Letztes Jahr wollten die Forscher dann wissen, ob die Aktivität von ALDH2 die Schmerzregulation bei Entzündungen beeinträchtigt (Sci. Transl. Med. 27: 251ra118). Sie testeten transgene Mäuse, die heterozygot für das ALDH2*2-Allel waren – jene Variante, die mehr als einer halben Milliarde Menschen den Genuss alkoholischer Getränke madig macht. Um sicherzugehen, dass der Phänotyp der Tiere auch mit dem des Menschen vergleichbar ist, bekamen sie Alkohol; und tatsächlich waren die Acetaldehyd-Konzentrationen im Blut fünffach höher als in den Kontrolltieren.

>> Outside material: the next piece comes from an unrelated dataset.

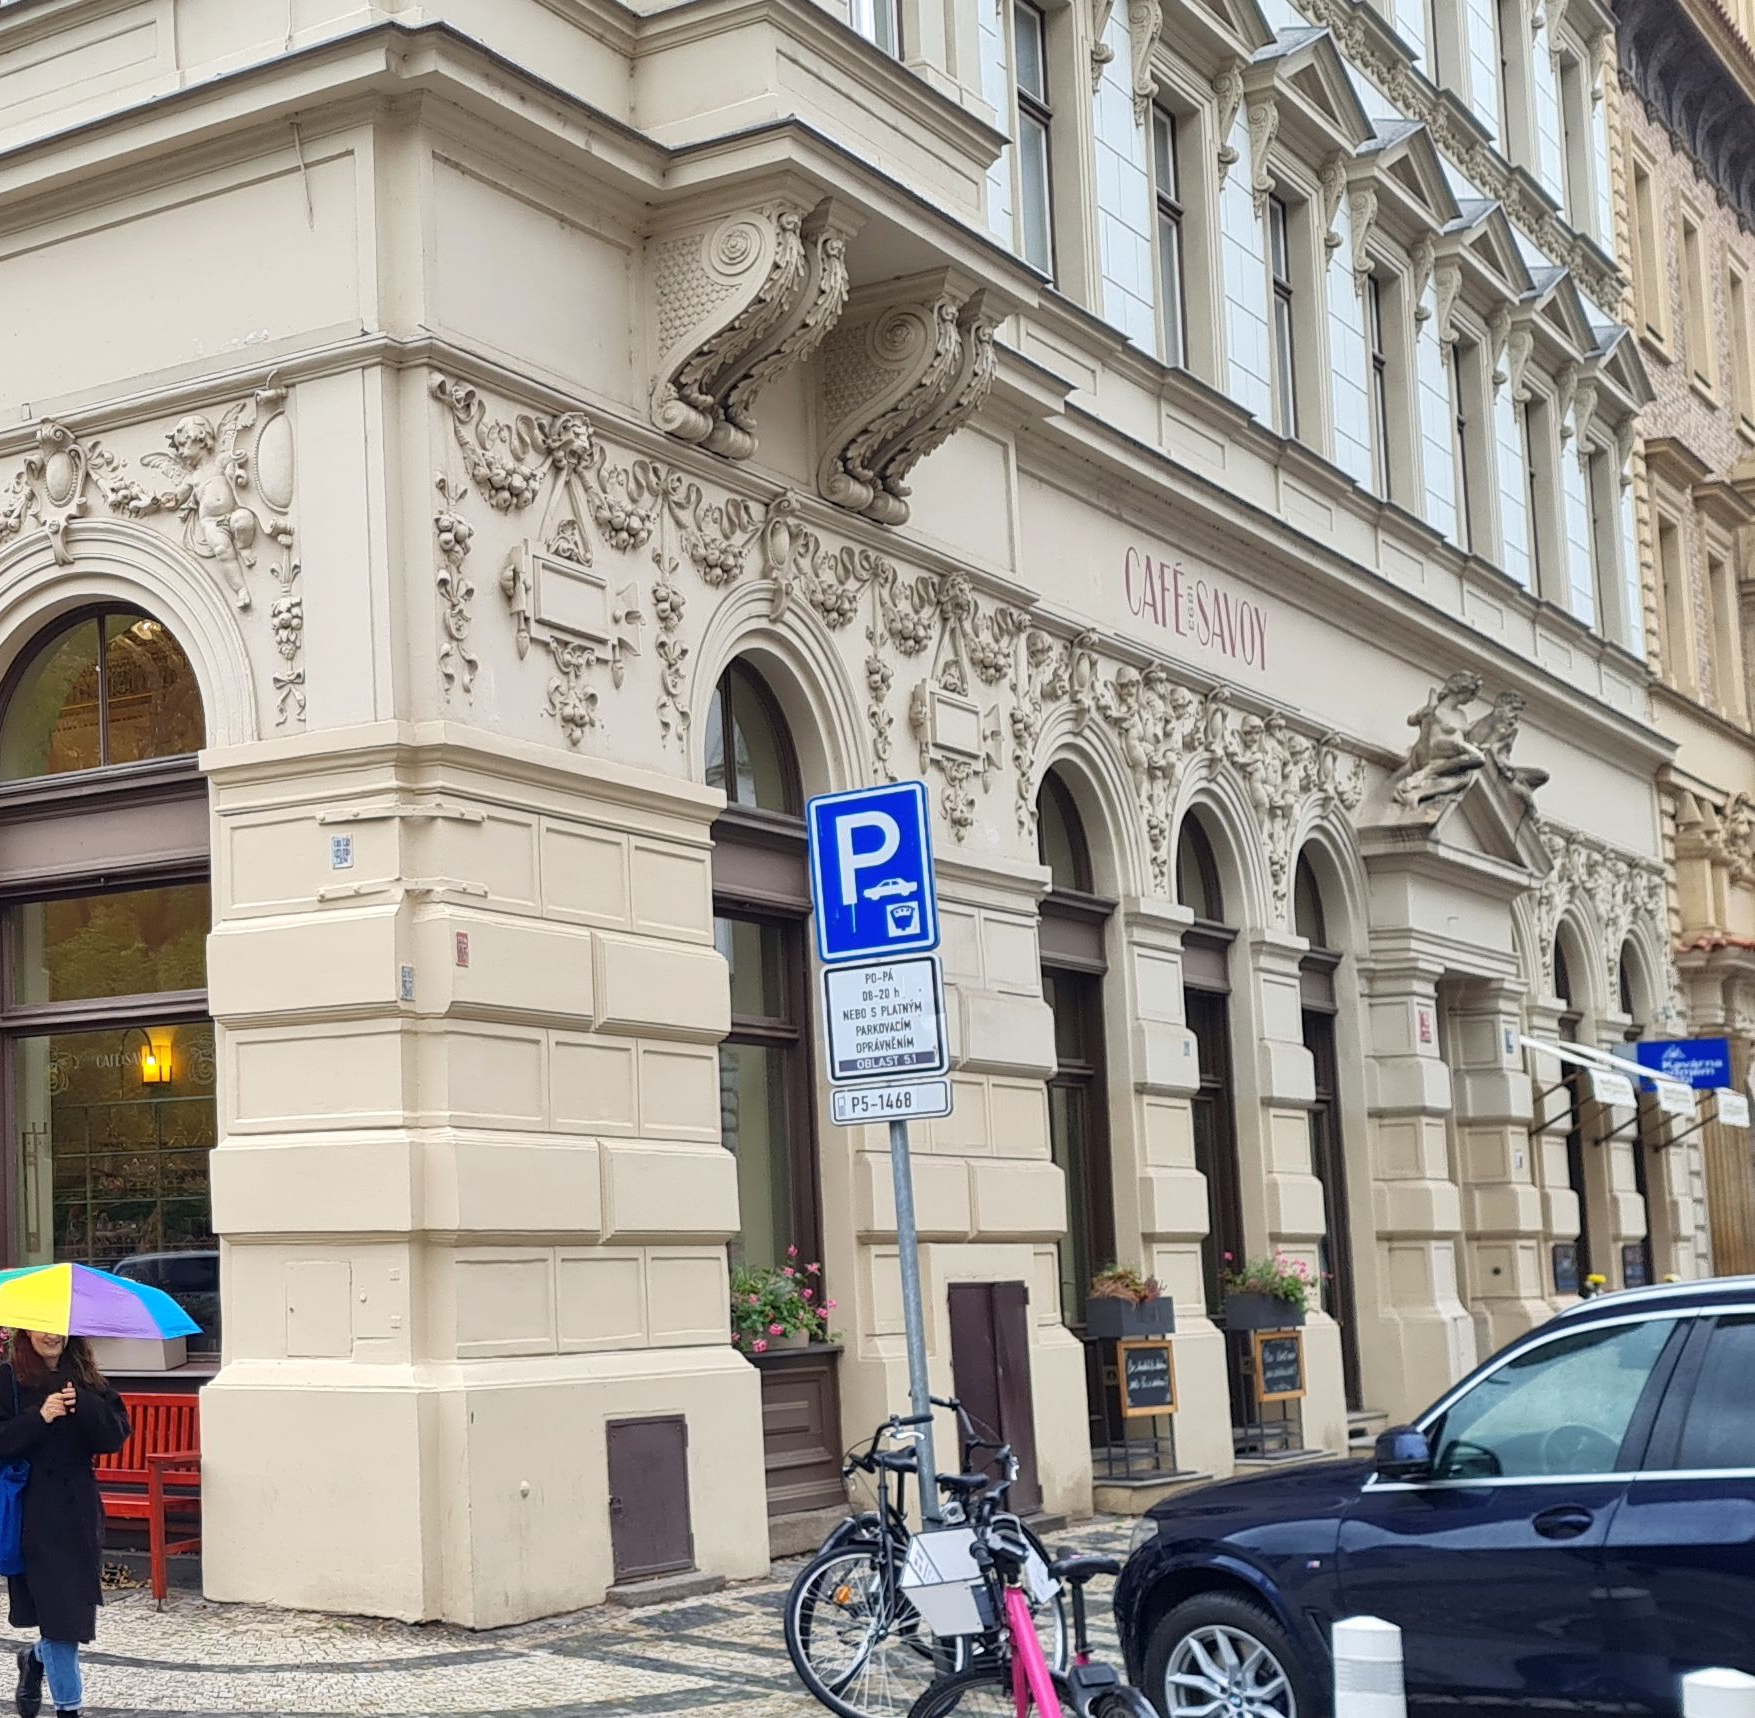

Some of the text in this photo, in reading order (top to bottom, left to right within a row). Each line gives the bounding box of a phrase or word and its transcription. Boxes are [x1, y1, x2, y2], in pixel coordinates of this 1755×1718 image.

Bezüglich ihrer Schmerzempfindlichkeit gleichen sich Wildtyptiere und ALDH2*2-Mäuse zunächst. Das ändert sich, wenn man Carrageen in jeweils eine Hinterpfote injiziert. Carrageen löst eine Entzündungsreaktion aus, die Pfote wird schmerzempfindlicher. Somit reagieren auch die Wildtyp-Mäuse empfindlicher auf mechanische Reize gegen die betroffene Pfote. Noch sensibler aber sind die Tiere mit ALDH2*2-Allel. Außerdem wiesen die Forscher bei diesen Mäusen höhere Konzentrationen von 4-Hydroxynonenal nach. Verabreicht man den Mäusen aber Alda-1,­ steigt die Schmerzschwelle sowohl bei den Wildtypen als auch den heterozygoten Nagern wieder an; der ALDH2-Aktivator Alda-1 wirkt also schmerzlindernd.

Neues Schmerzmittel?

Vergleichbare Ergebnisse bekamen die Forscher auch im Rattenmodell: Alda-1 reduziert die Schmerzempfindlichkeit nach Carrageen-Injektion. Allerdings hat die Substanz keinen Einfluss auf die Schmerzschwelle unbehandelter Tiere ohne Entzündung. Die Wirkung von Alda-1 führen die Forscher aber nicht auf einen anti-inflammatorischen Effekt zurück. Denn auch in Alda-1-behandelten Tieren bleibt die Schwellung der Pfote erhalten; ebenso sind diverse Entzündungsmarker wie Chymase der Mastzellen und Neutrophil-Elastase vergleichbar hoch wie in Carrageen-Ratten ohne Alda-1-Gabe. Hingegen sank die Menge an EGR1-Protein im Rückenmark unter Alda-1 auf das normale Level ab, blieb aber in den Carrageen-Tieren erhöht, wenn sie kein Alda-1 erhielten. EGR1 sehen die Autoren als zentralnervösen Marker für erhöhte Schmerzempfindlichkeit.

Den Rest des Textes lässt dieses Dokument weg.